> What you are asked to do
Return all of the data exactly, with nothing left out but the pictures.

> Records supplied

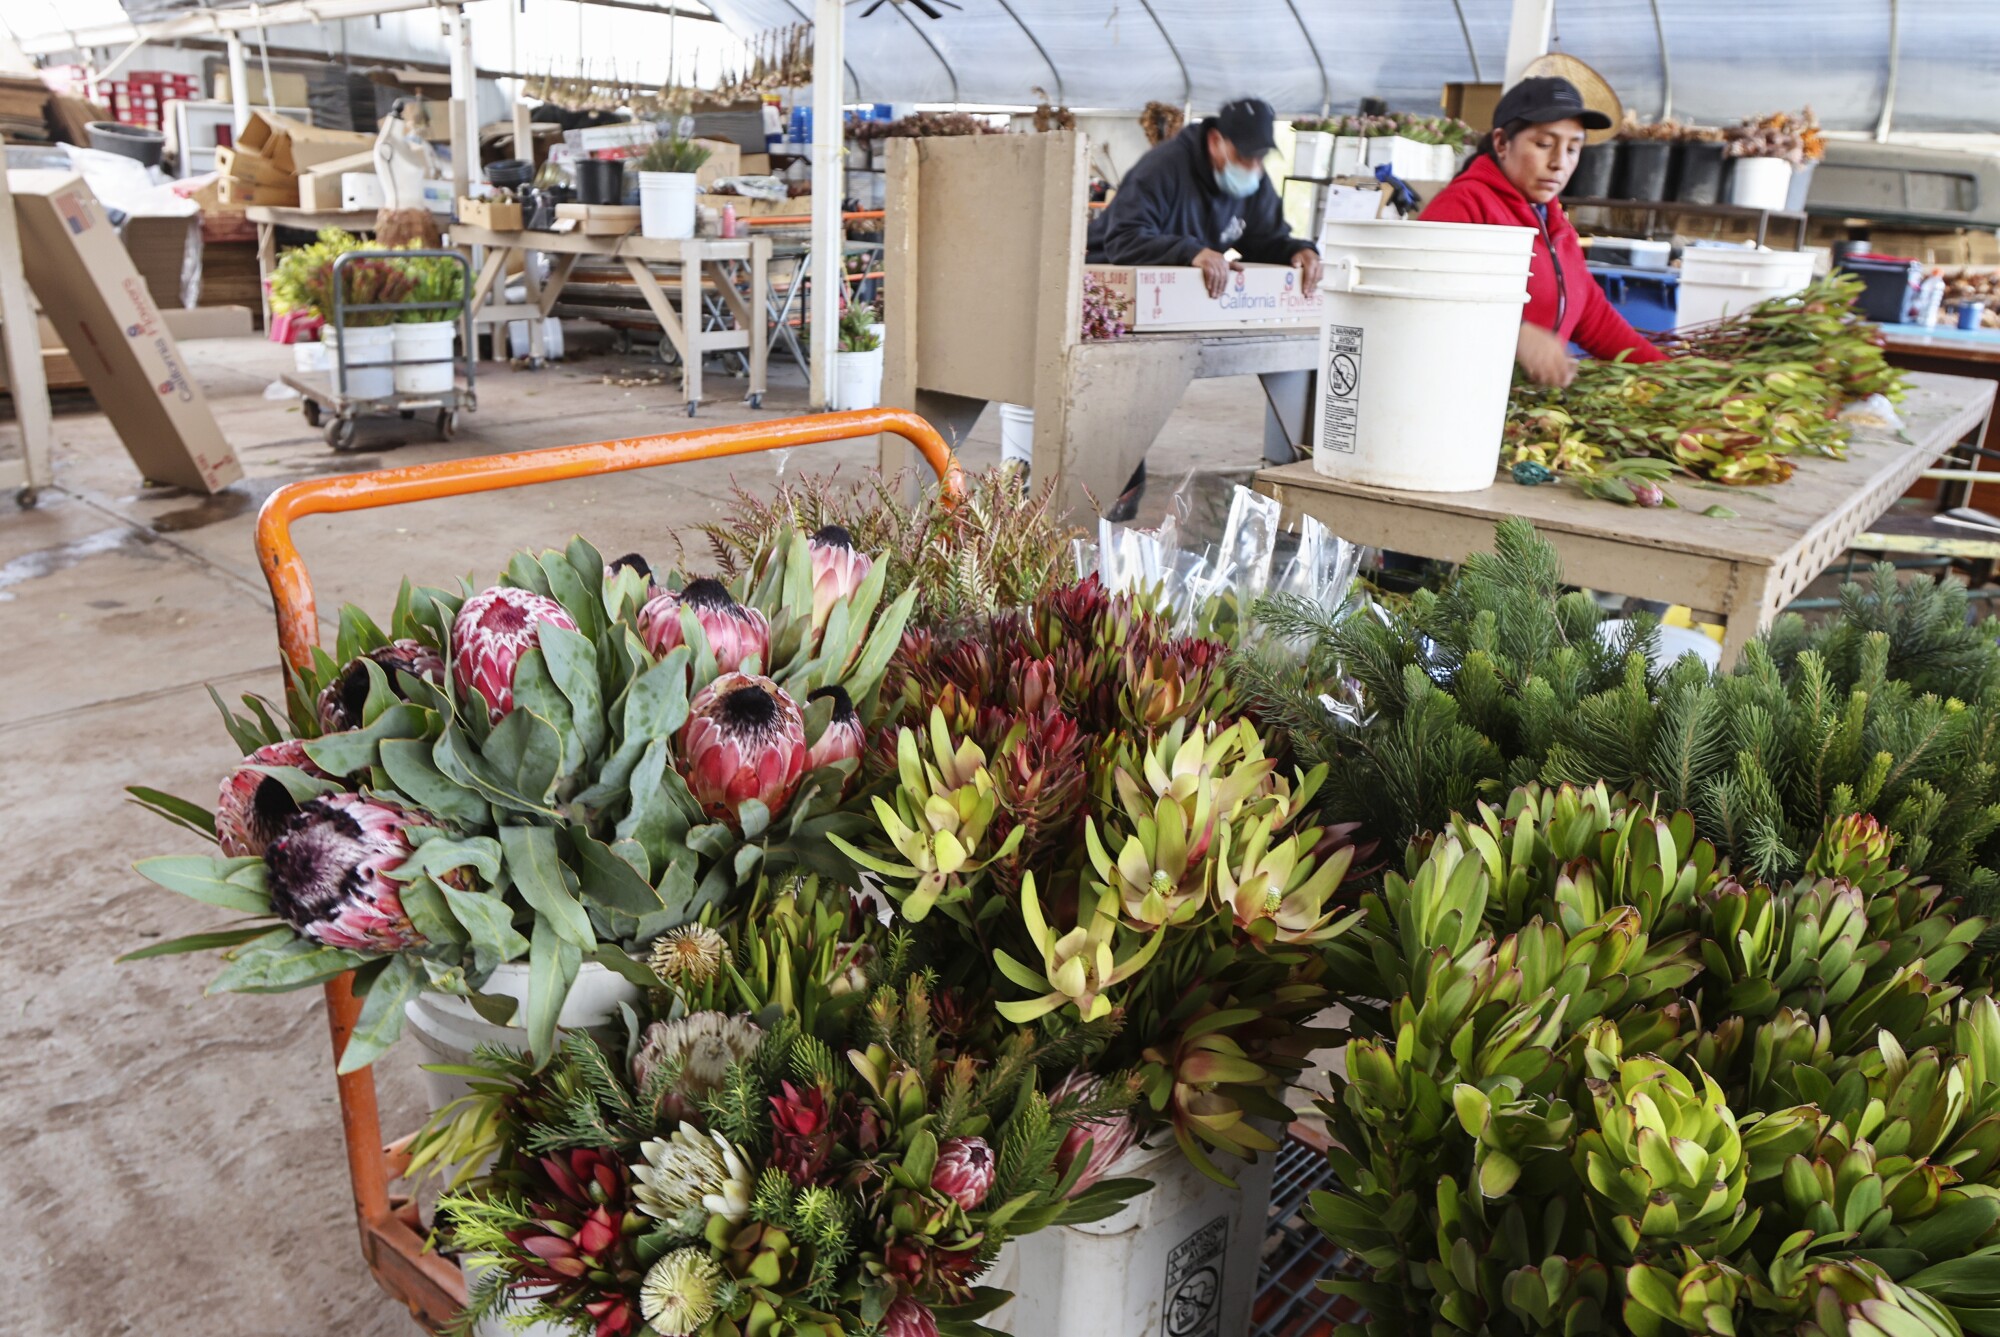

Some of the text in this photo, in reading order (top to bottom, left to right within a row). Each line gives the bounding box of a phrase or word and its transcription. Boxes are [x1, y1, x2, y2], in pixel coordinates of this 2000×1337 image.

[1110, 272, 1128, 284] SIDE
[1140, 272, 1176, 284] THIS SIDE
[1220, 292, 1323, 309] California Flowers
[122, 277, 193, 401] California Flowers
[1336, 327, 1362, 337] WARNING
[1339, 336, 1355, 345] AVISO
[1180, 1216, 1227, 1254] WARNING
[1189, 1234, 1217, 1259] AVISO
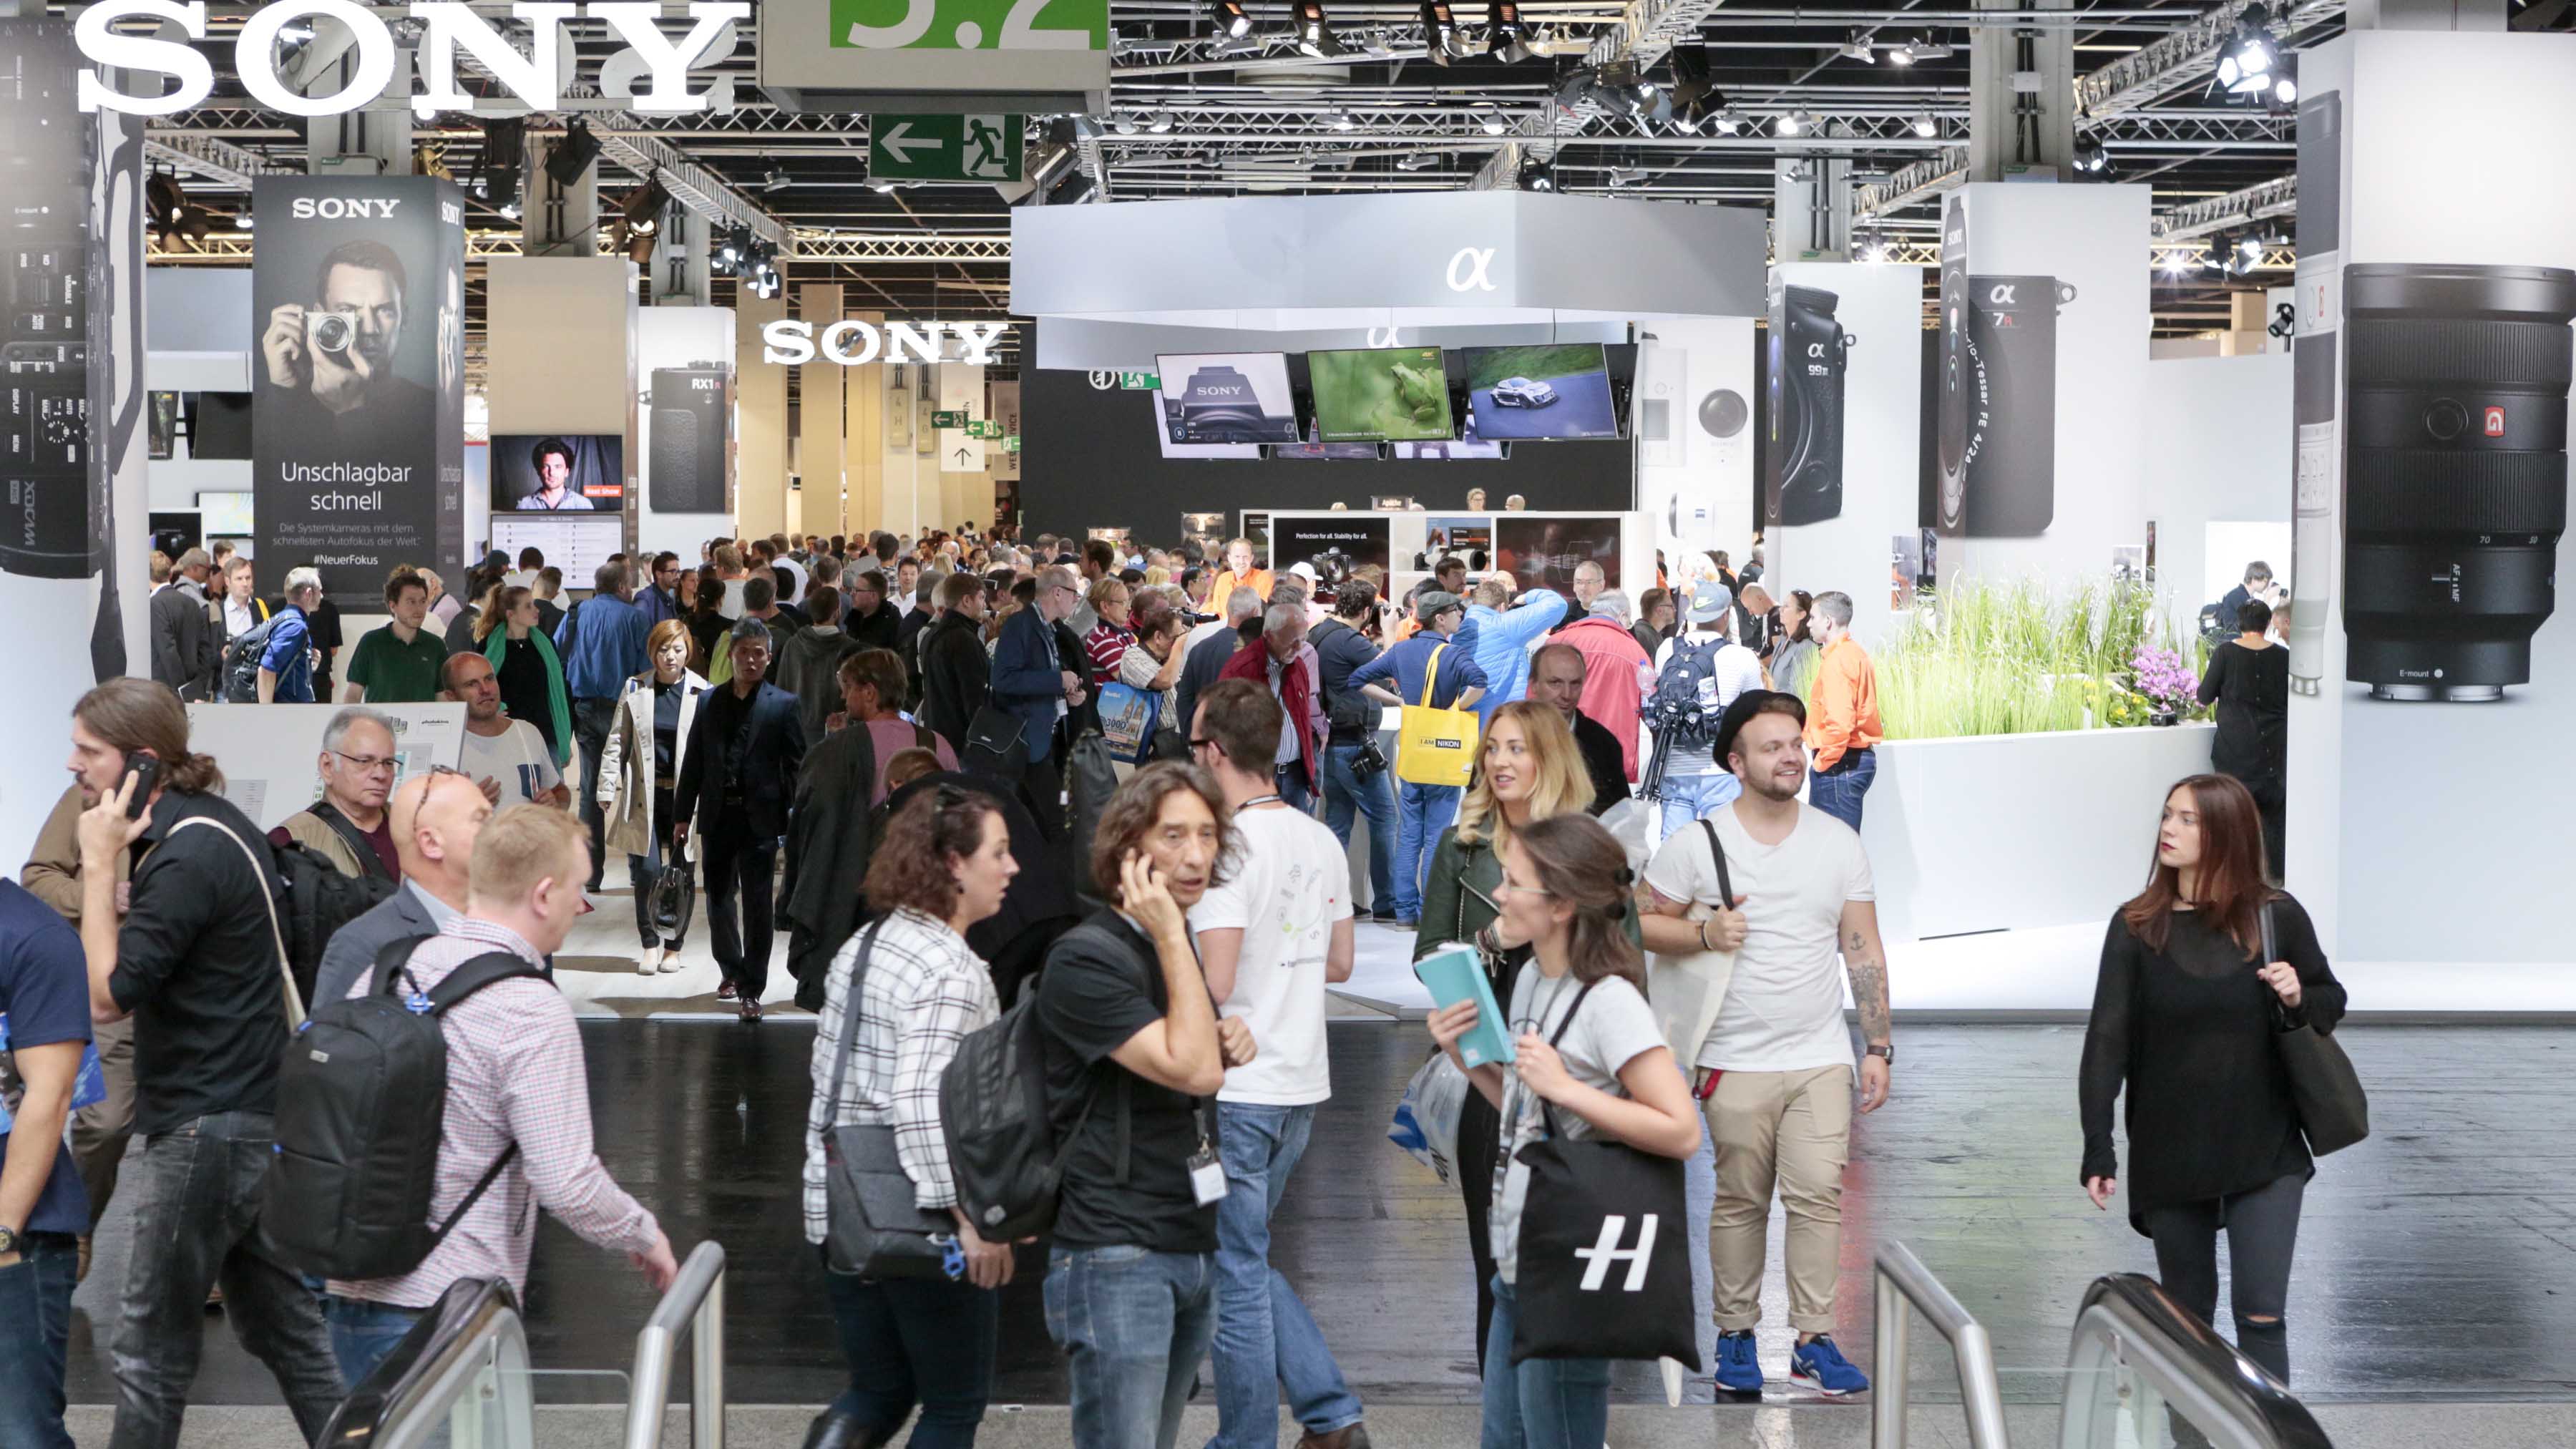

> Output
Some of the text in this photo, in reading order (top to bottom, left to right within a row). Each line gives the bounding box of a phrase or word and its transcription. Boxes are [x1, y1, x2, y2], in pixel coordinates of this 2000×1337 image.

[1110, 272, 1128, 284] SIDE
[1140, 272, 1176, 284] THIS SIDE
[1220, 292, 1323, 309] California Flowers
[122, 277, 193, 401] California Flowers
[1336, 327, 1362, 337] WARNING
[1339, 336, 1355, 345] AVISO
[1180, 1216, 1227, 1254] WARNING
[1189, 1234, 1217, 1259] AVISO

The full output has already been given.